Francis Davison was almost pathologically shy. He lived in the shadow of his more sociable, but equally dedicated artist wife, Margaret Mellis. They shared a passion for creating art that expressed something of the mystery of existence, and were sustained in this isolating activity by their intense mutual love.


From 1952 until his death in 1984, Davison created images ruthlessly shorn of all figurative and personal associations. Using only torn and cut strips of unpainted, coloured paper, he assembled hundreds of collages, some tiny, others over six feet across, all intensely patterned, like jumbled-up butterflies’ wings. What’s extraordinary about them is how they glow in one’s mind.  The surprising source and subject matter of Davison’s inspiration was nothing less than the act of seeing — the radiance which human consciousness throws upon the world.

Leafing through this handsome volume gives one the impression of a rich oeuvre, but in reality it barely shows the foothills of his achievement. Hardly any of his masterpieces are illustrated, including those in the collections of the Tate and other public galleries, none of which are even listed. The book omits a whole, vital decade of his oeuvre, which included the wonderful, huge collages shown at his, also unmentioned, Edinburgh Festival exhibition in 1971.

A quarter of the illustrations are of the ‘broken’ collages of the early 1970s, which Davison later considered to be one of his less successful phases. They come off especially badly in this book because they’ve been printed on glaring white paper. Although Lambirth writes that no one knows what colour background Davison wanted for his collages, the fact is that he insisted, for all the exhibitions held during his lifetime, that they were shown against the mid-tone warm grey on which he created them.

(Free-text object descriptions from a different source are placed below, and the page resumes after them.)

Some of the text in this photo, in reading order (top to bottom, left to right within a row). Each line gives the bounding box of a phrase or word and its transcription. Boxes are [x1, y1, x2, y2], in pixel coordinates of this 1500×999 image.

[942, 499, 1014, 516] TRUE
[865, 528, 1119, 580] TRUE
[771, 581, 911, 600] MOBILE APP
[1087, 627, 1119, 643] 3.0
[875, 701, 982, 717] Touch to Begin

That is obviously how they should be reproduced. These works are hymns to tone; the lights in them are lost unless seen in a gentle gloom.

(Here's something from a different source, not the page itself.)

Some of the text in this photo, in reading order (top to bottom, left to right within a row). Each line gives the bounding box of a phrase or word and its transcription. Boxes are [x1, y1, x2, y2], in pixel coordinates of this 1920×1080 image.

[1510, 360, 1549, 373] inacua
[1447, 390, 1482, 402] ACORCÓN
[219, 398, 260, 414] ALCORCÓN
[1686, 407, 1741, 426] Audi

If the plates do Davison a disservice, the text is equally marred by misconceptions.  To mention only one, Lambirth states that ‘whether he actually destroyed a great deal remains conjecture’. This is untrue. When Davison was diagnosed with terminal cancer, he asked me to help him sort out his work. It proved the most harrowing experience of my professional career. Francis, weaker each time I visited, made me go through every one of his collages, and say whether I thought it ‘worked’ or not. He watched me like a hawk, to see if my eyes lit up with pleasure. If they didn’t, the piece was torn up and then burnt.

Lambirth ends his book with the hope that ‘the present study will encourage others to research further into the work of this fascinating artist’. The true nature of Davison’s genius has yet to be revealed.